(Taiwan, ROC) Michele Sison pada tanggal 28 Februari mengumumkan pertemuan bersama dengan Kepala Kantor Perwakilan Republik Tiongkok untuk Amerika, Hsiao Bii-khim baru-baru ini, dalam postingannya ia memberikan komentar, kontribusi Taiwan mampu memberikan banyak manfaat bagi komunitas internasional, semestinya negara anggota PBB mendukung keikutsertaan Taiwan dalam sistem PBB.
Tahun lalu bulan Desember, Michele Sison diangkat sebagai Asisten Sekretaris Negara untuk Urusan Organisasi di Kementerian Luar Negeri.
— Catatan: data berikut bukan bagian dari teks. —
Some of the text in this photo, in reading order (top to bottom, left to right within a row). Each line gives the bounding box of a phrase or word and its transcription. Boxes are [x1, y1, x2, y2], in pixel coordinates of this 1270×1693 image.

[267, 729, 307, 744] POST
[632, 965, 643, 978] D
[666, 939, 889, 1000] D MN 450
Sebelumnya ia menjabat sebagai Deputi Perwakilan AS untuk Perserikatan Bangsa-Bangsa(PBB), bertanggung jawab dalam membangun koalisi global melawan ancaman transnasional terhadap perdamaian dan keamanan juga pernah ditugaskan sebagai duta besar untuk Haiti, Sri Lanka, Maladewa, Lebanon, dan Uni Emirat Arab, ia memiliki banyak pengalaman dalam dunia diplomatik.
Dalam twitternya Michele Sison memposting foto bersama Hsiao Bii-khim, serta mengutarakan dukungan untuk partisipasi Taiwan, menurut sumber yang ada mereka berdua bertemu pada tanggal 25 Februari di dalam gedung Kemenlu; ini merupakan pertemuan pertama kalinya dengan Hsiao Bii-khim setelah Michele Sison menjabat sebagai Asisten Sekretaris Negara Kemenlu.
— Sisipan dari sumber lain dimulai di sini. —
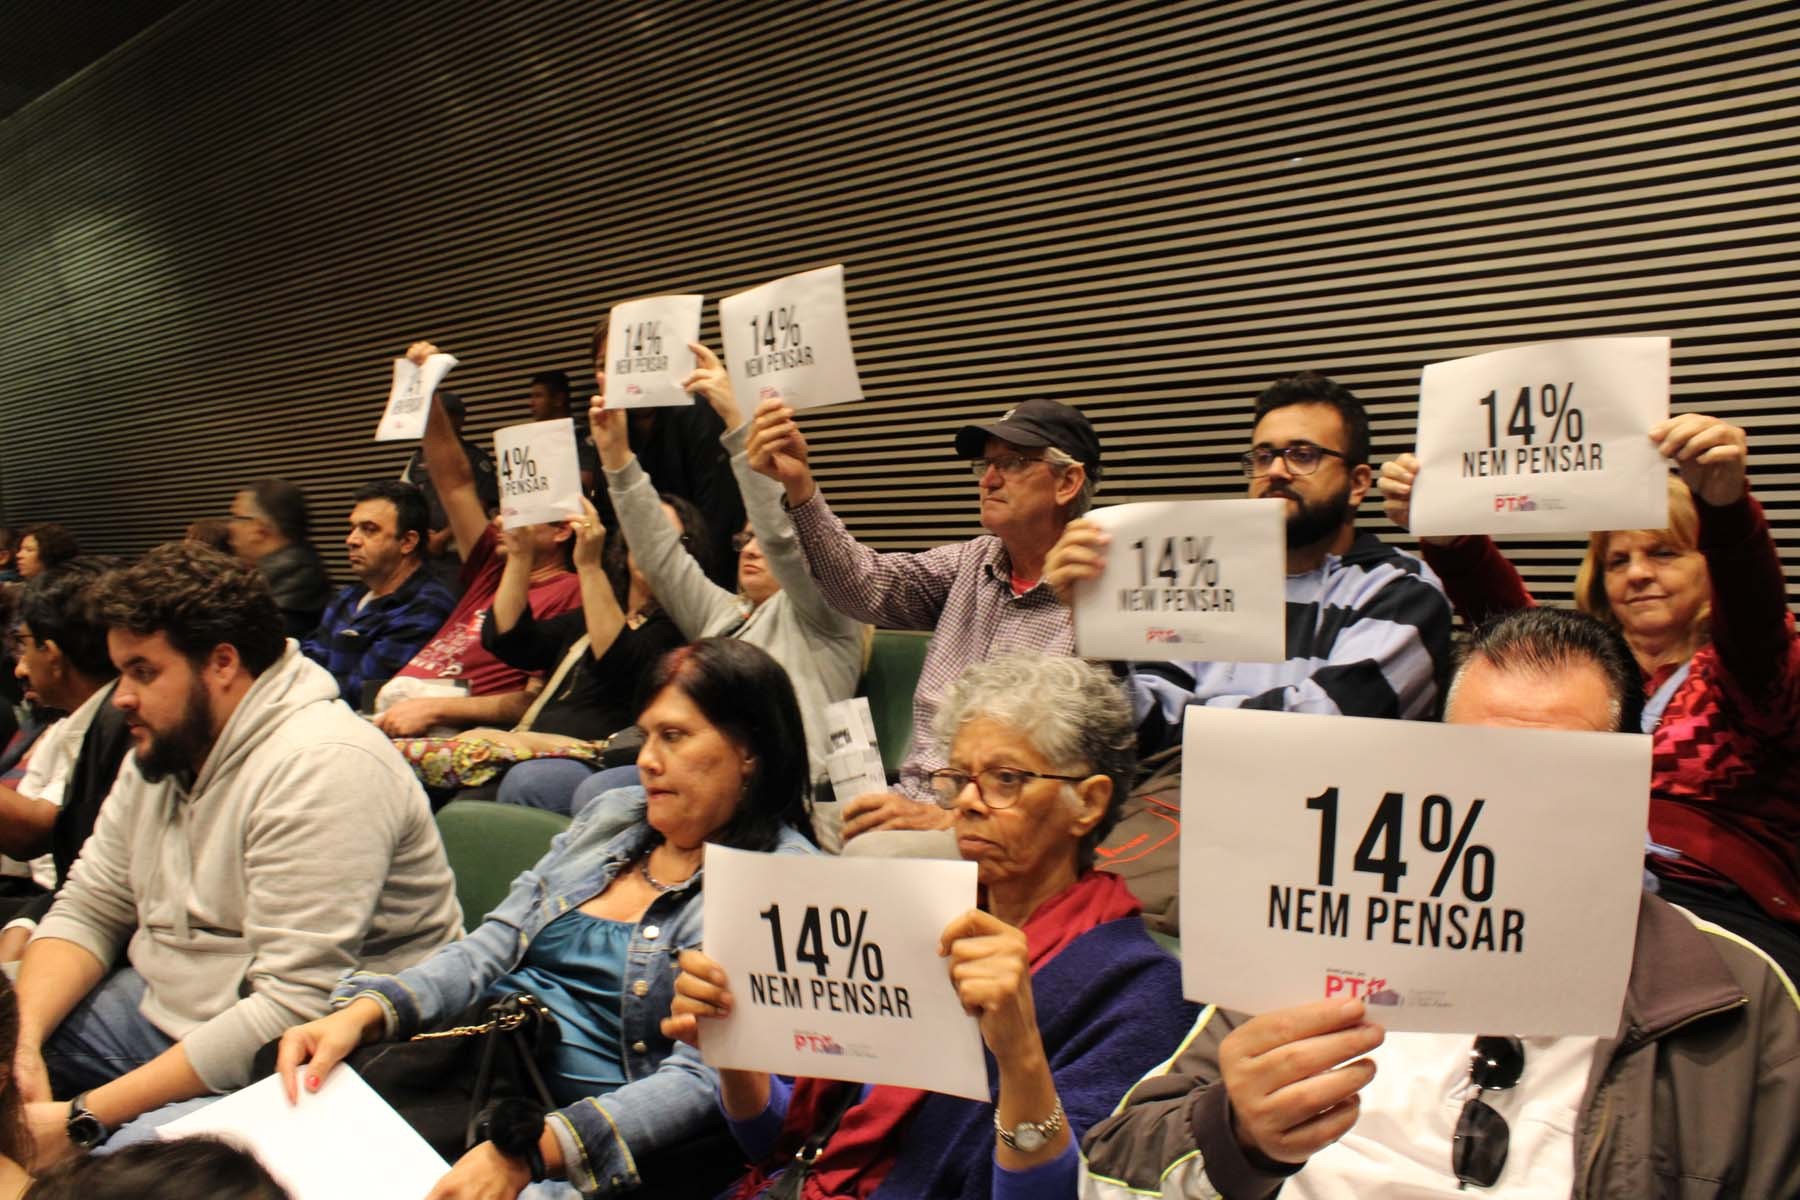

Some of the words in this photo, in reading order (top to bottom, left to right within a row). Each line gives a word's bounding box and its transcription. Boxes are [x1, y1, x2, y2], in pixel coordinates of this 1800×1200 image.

[624, 321, 662, 357] 14%
[749, 305, 801, 355] 14%
[1480, 382, 1583, 448] 14%
[1463, 449, 1507, 478] NEM
[1516, 443, 1603, 475] PENSAR
[505, 476, 550, 496] PENSAR
[1131, 536, 1219, 587] 14%
[1162, 588, 1235, 612] PENSAR
[1306, 787, 1496, 902] 14%
[760, 903, 884, 982] 14%
[1268, 885, 1350, 938] NEM
[1366, 896, 1526, 953] PENSAR
[750, 973, 803, 1009] NEM
[811, 979, 912, 1019] PENSAR
[1325, 975, 1365, 999] PT
Michele Sison mengatakan, ia dan Hsiao Bii-khim melakukan dialog yang luar biasa, kontribusi Taiwan memberi banyak manfaat terhadap dunia internasional, pihak AS mendukung anggota PBB untuk mendukung partisipasi Taiwan yang berarti dalam sistem PBB, dalam tulisannya diakhiri dengan #TaiwanCanHelp.
Hsiao Bii-khim merespons, ia sangat berterima kasih atas pembahasan kerjasama Taiwan-AS dengan Michele Sison, memperluas partisipasi Taiwan yang berarti dalam organisasi internasional.
Resolusi PBB 2758 diloloskan pada bulan Oktober tahun kemarin telah genap 50 tahun, Menlu AS Antony Blinken pada hari tersebut menyampaikan dukungan pihaknya untuk partisipasi Taiwan dalam sistem PBB. Ia mengatakan, partisipasi Taiwan yang berarti dalam sistem PBB bukan isu politik, melainkan isu pragmatis, apabila mengabaikan Taiwan maka akan merugikan tugas penting dalam PBB dan instansi lainnya yang relevan.